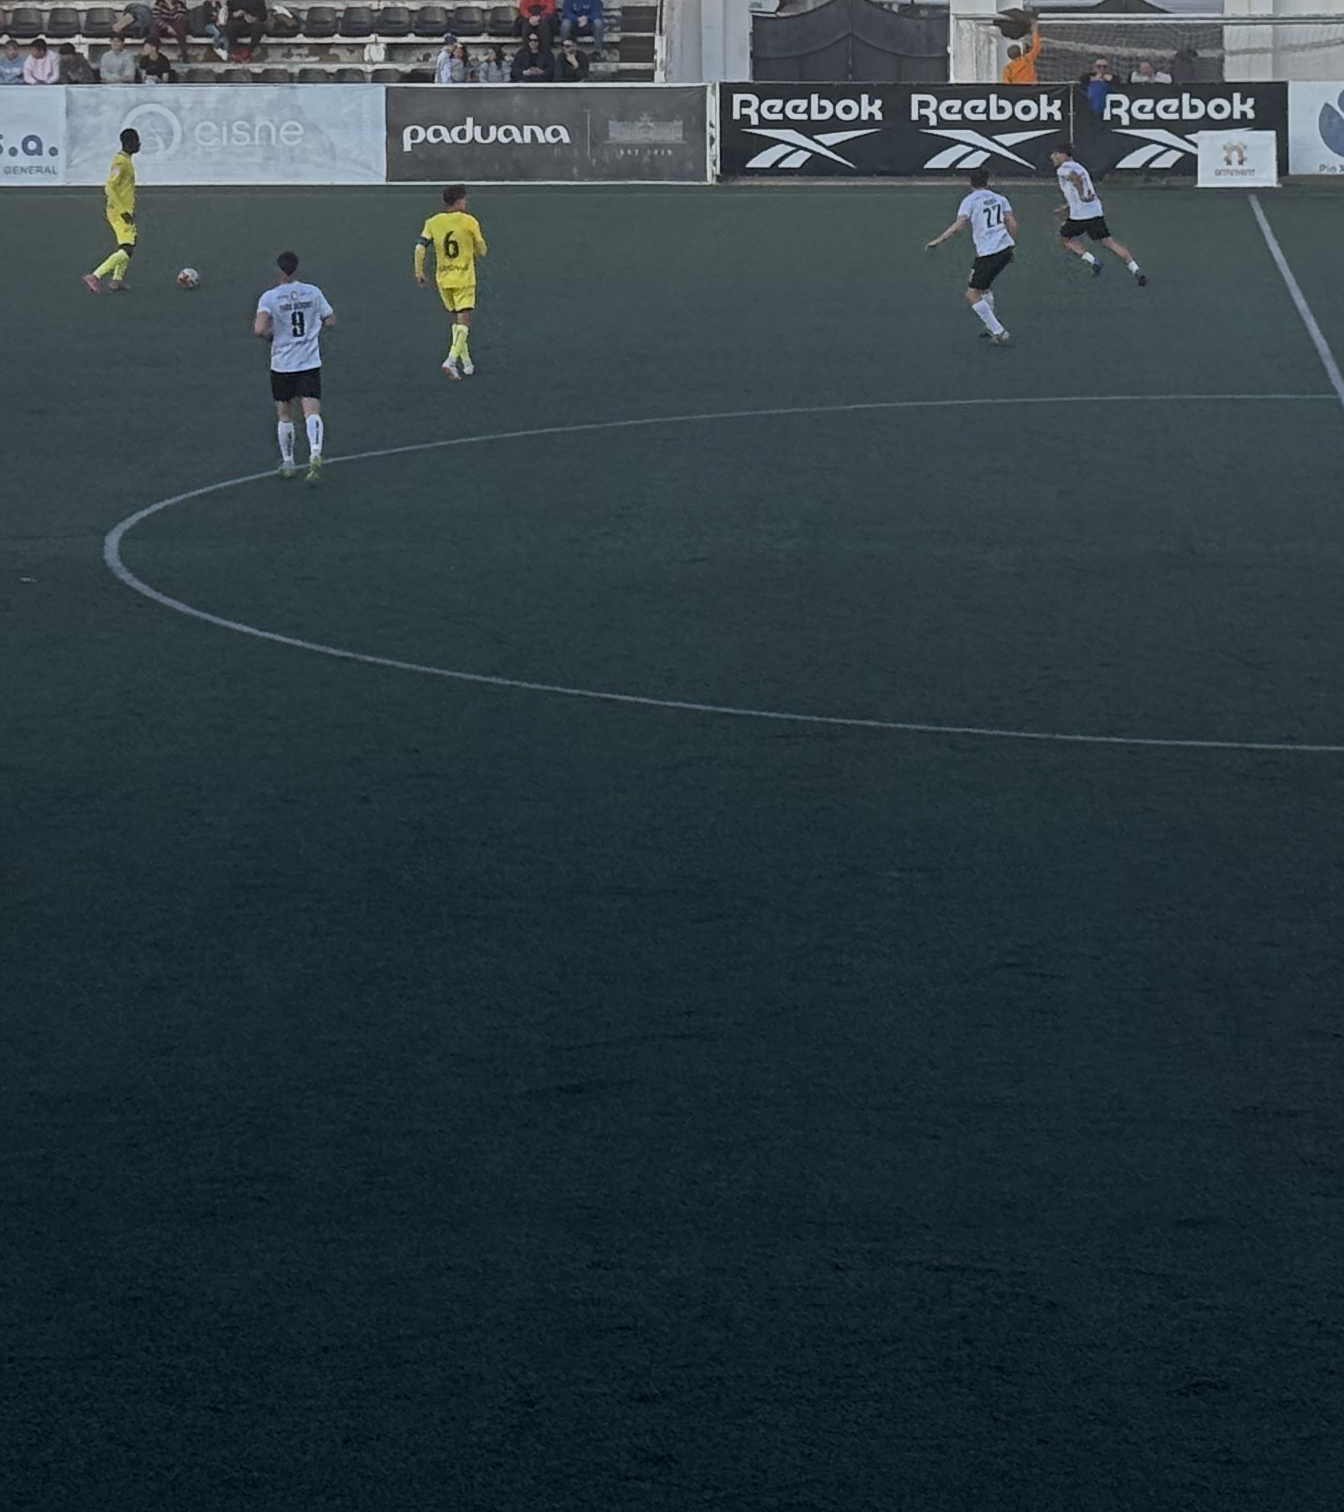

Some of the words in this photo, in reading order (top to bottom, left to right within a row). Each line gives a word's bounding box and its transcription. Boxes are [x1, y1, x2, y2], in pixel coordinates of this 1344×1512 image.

[732, 93, 883, 126] Reebok
[911, 93, 1063, 126] Reebok
[1103, 92, 1255, 125] Reebok
[403, 117, 571, 152] paduana
[4, 164, 58, 176] GENERAL
[443, 230, 460, 259] 6
[291, 311, 305, 337] 9
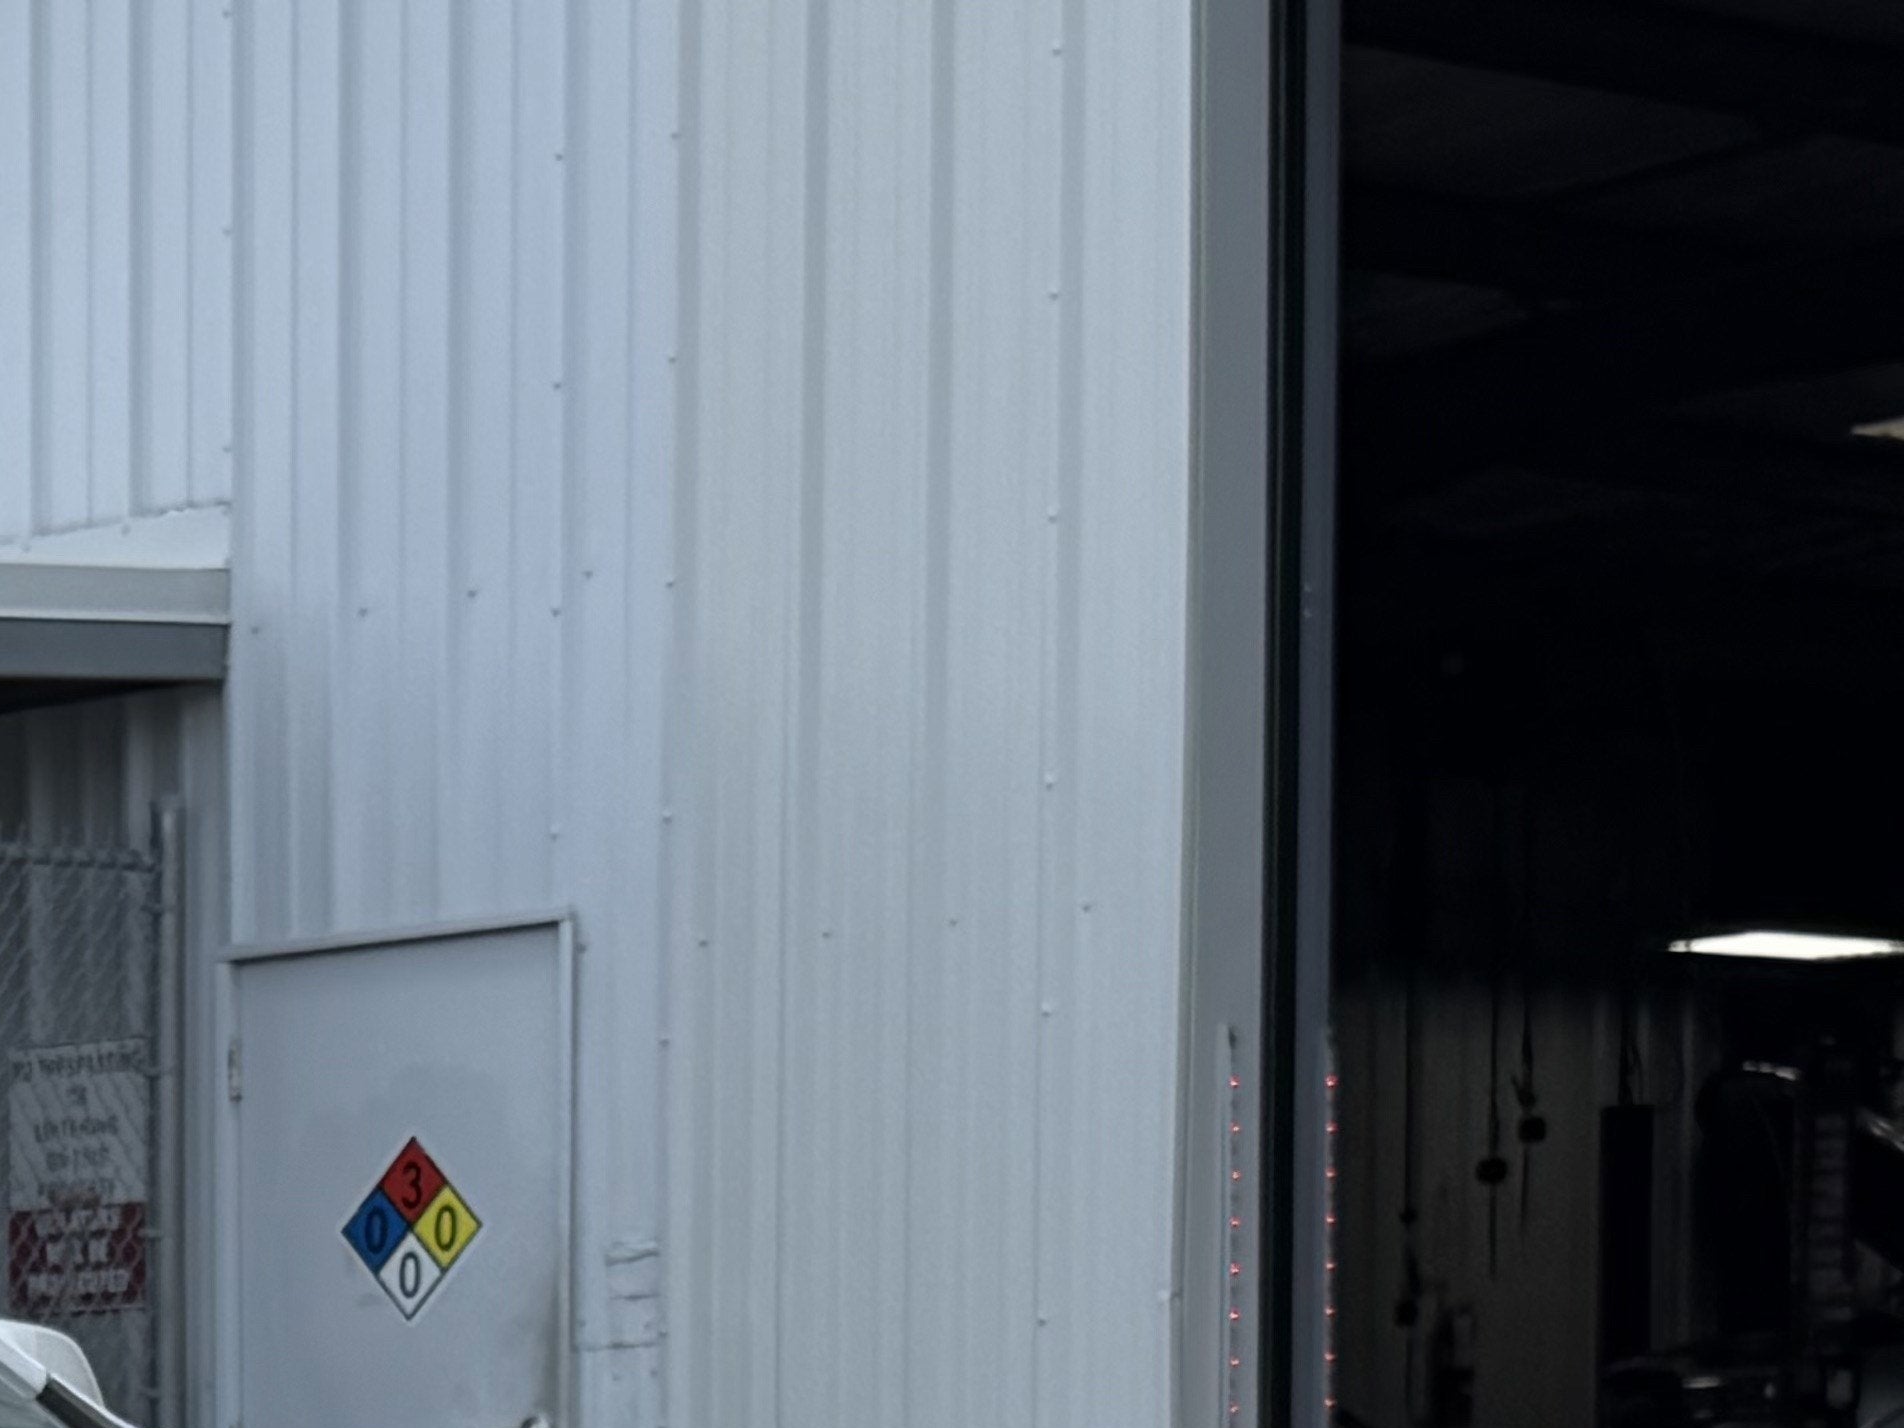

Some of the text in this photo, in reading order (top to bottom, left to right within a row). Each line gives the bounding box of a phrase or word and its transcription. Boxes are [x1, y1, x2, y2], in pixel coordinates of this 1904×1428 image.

[402, 1161, 423, 1209] 3
[365, 1204, 457, 1255] 0 0
[399, 1251, 422, 1299] 0
##############################
→ To do:
Print the whole listing exactly. No pictures belong in the copy.

→ Response area:
Some of the words in this photo, in reading order (top to bottom, left to right within a row). Each line gives a word's bounding box and its transcription. Boxes are [x1, y1, x2, y2], in pixel coordinates of this 1344×1512 image.

[732, 93, 883, 126] Reebok
[911, 93, 1063, 126] Reebok
[1103, 92, 1255, 125] Reebok
[403, 117, 571, 152] paduana
[4, 164, 58, 176] GENERAL
[443, 230, 460, 259] 6
[291, 311, 305, 337] 9

Some of the text in this photo, in reading order (top to bottom, left to right within a row). Each line gives the bounding box of a phrase or word and its transcription. Boxes are [x1, y1, x2, y2], in pixel coordinates of this 1904×1428 image.

[402, 1161, 423, 1209] 3
[365, 1204, 457, 1255] 0 0
[399, 1251, 422, 1299] 0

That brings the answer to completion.